Bölüm 16 : pembe hayat

233 25 32
                                    

Ram'in bölümü

Yatakta baş ağrısından kıvranan kıdemlime baktım. Bütün gece toplasan sadece birkaç saat uyuyabilmiş olmalıydı. İlaç almasını söylesem de ısrarla almayı kabul etmiyordu.

Doktor ilk birkaç günün ağrılı ve acılı geçeceğini söylemişti ancak her zaman neşeli olan kıdemlimi böyle görmek beni gerçekten şaşırttı. Ayrıca yaraya su gelmemesi gerektiğini de söyledi. Yara henüz kurumadı. Bundan 6 gün sonra dikişlerini kesecekler ve kurumuş olacak. Gitmek istediği gönüllüler kampı da bundan birkaç gün sonra yani eğer gitmek istiyorsa söz dinlemesi gerekiyor.

Ancak ısrarla söylediklerimi yapmıyor! Onun vücudunu silmeyi bile teklif ettim.

05:17

İç çekip saate baktım. Bu saat olmuştu ve hala daha birkaç saatlik uykuyla duruyordu. Yoğun baş ağrısı yüzünden gece sıkça uyandı ve geri uyuyamadı. Ancak şimdi uykuya dalmış gibi görünüyor.

Yanımda yatan kişinin saçlarını okşadım. Henüz saçlarını yıkamamış da olsa hala yasemin kokuyorlardı. Hatta bütün vücudu yasemin kokuyordu. Duş almamamasına rağmen nasıl yasemin kokmayı başarıyor? Parfüm olduğunu sanmıyorum.
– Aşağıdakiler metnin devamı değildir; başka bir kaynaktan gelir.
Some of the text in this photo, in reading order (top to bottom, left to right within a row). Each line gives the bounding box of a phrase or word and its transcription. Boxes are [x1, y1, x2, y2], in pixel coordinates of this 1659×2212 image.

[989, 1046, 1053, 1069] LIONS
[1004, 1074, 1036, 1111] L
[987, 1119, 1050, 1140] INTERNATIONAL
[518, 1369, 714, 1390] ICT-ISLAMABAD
Güzel yüzünü uykusunda acıyla ekşitti.

"Keşke bir şey yapabilsem..." diye mırıldandım.

Yapacağım en yararlı şeyin hala uyanmamışken kalkıp kahvaltı hazırlamak olduğuna karar verdim. Kararımı uygulamak için yatakta doğrulduğumda gitmemi engelleyen küçük eller tarafından geri çekildim ve ince bir beden beni arkamdan kucakladı.

"Gitme..." dedi neredeyse fısıldayan bir sesle.
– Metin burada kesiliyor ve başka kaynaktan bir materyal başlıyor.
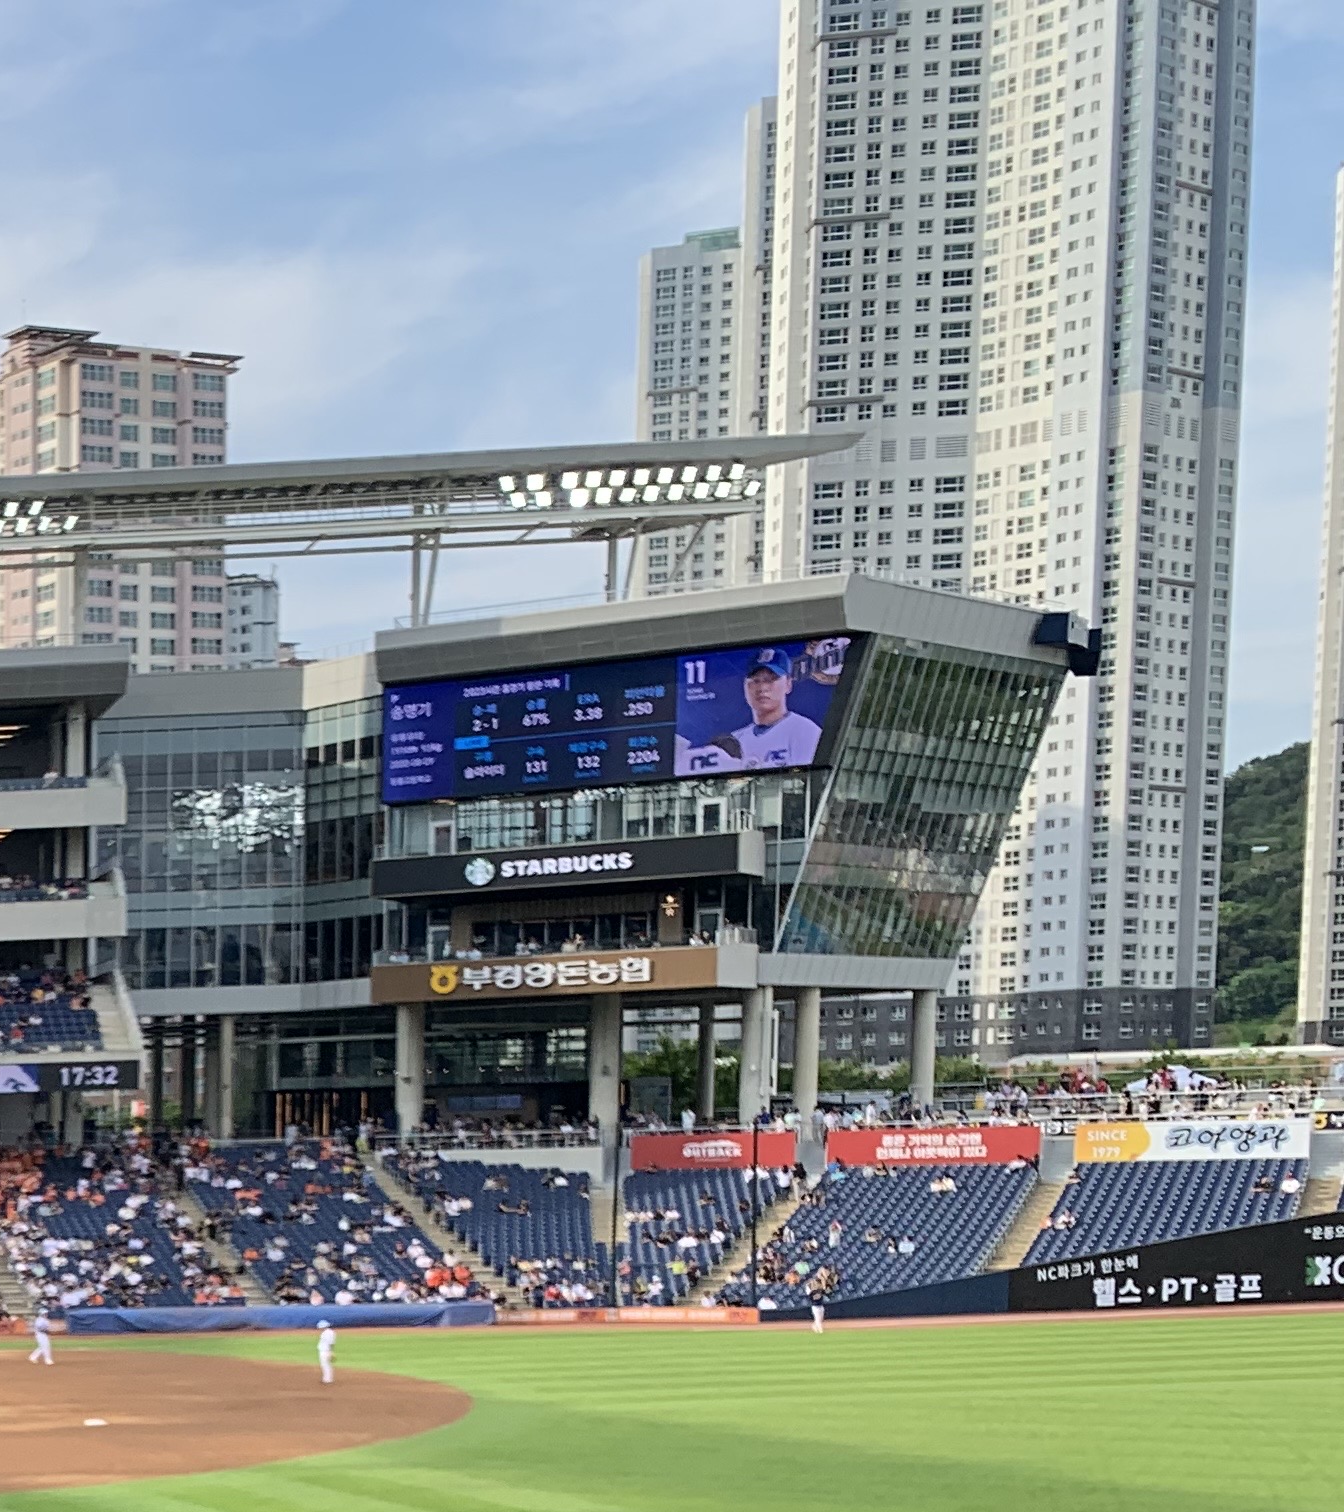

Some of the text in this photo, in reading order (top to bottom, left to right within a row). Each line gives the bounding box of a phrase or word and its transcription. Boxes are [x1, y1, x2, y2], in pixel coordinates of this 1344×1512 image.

[684, 660, 707, 685] 11
[522, 713, 550, 728] 67%
[576, 755, 601, 769] 132
[627, 750, 661, 766] 2204
[525, 759, 548, 774] 131
[500, 851, 635, 878] STARBUCKS
[463, 956, 653, 991] 부경양돈농협
[58, 1064, 120, 1088] 17:32
[1087, 1129, 1128, 1142] SINCE
[682, 1146, 742, 1159] OUTBACK
[1092, 1146, 1121, 1158] 1979
[1037, 1255, 1139, 1283] NC파크가 한눈에
"Nereye gidiyorsun?" diye ekledi.

Şu anda yavru kedi gibi. Belime sarıldı ve hiçbir yere gitmemem için bırakmıyor.

"Kahvaltı hazırlayacağım P. Uyumaya çalış." diye yanıtladım.

"Uykum yok. Seninle gelmeme izin ver." dedi ve belime daha da sıkı sarıldı.

Sağ kolumun altından başını çıkarttı ve göğüsüme gömdü. Gerçekten kedi gibi...

"Dinlenmen gerek" dedim ve uzanması gereken yatağı işaret ettim.

"İstemiyorum, uykum yok. Aç da değilim" diye sızlandı.

Çocuk gibi davranıyor.

"Hayır. Dinlenmelisin ve uyandığında da yemek yemelisin. Gönüllüler kampına gitmek istemiyor musun?" diye tehdit ettim.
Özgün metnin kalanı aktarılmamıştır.